What you need to do: Repeat the data that follows, word for word, without the images.
---------- Exercise inputs ----------
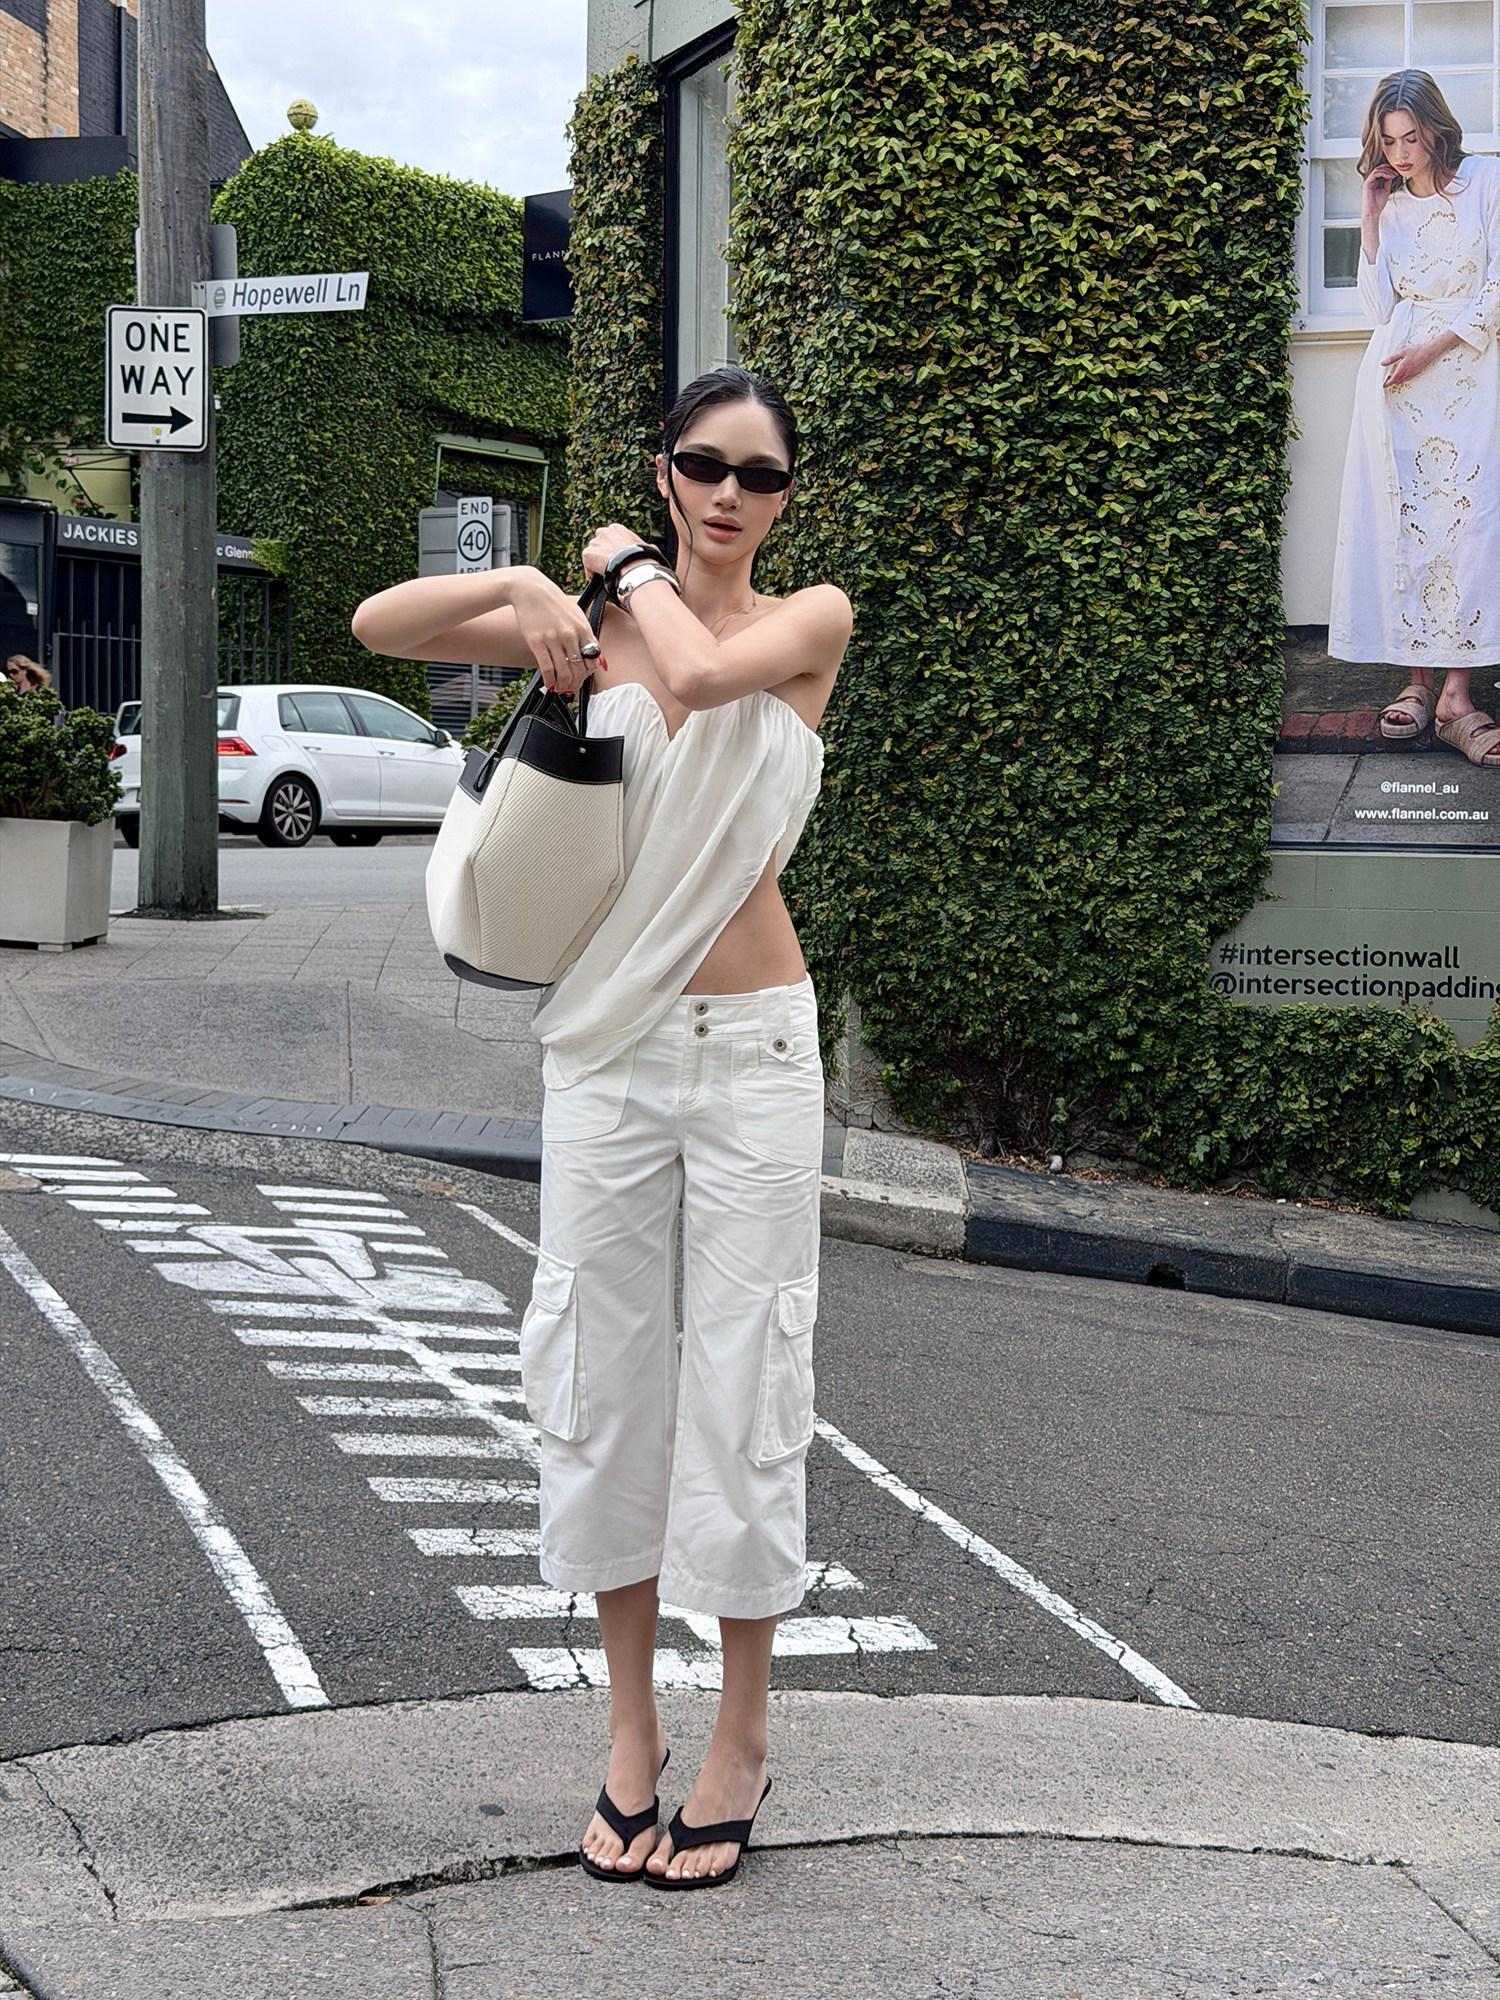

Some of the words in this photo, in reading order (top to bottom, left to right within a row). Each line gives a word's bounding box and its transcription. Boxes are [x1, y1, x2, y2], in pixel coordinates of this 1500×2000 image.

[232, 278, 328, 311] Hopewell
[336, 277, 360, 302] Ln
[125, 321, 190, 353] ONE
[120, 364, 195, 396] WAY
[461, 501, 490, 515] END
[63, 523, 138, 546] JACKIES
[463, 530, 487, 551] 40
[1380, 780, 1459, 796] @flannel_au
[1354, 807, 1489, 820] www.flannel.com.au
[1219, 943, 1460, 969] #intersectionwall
----------
Exercise answer:
Some of the words in this photo, in reading order (top to bottom, left to right within a row). Each line gives a word's bounding box and its transcription. Boxes are [x1, y1, x2, y2], in pixel coordinates of this 1500×2000 image.

[232, 278, 328, 311] Hopewell
[336, 277, 360, 302] Ln
[125, 321, 190, 353] ONE
[120, 364, 195, 396] WAY
[461, 501, 490, 515] END
[63, 523, 138, 546] JACKIES
[463, 530, 487, 551] 40
[1380, 780, 1459, 796] @flannel_au
[1354, 807, 1489, 820] www.flannel.com.au
[1219, 943, 1460, 969] #intersectionwall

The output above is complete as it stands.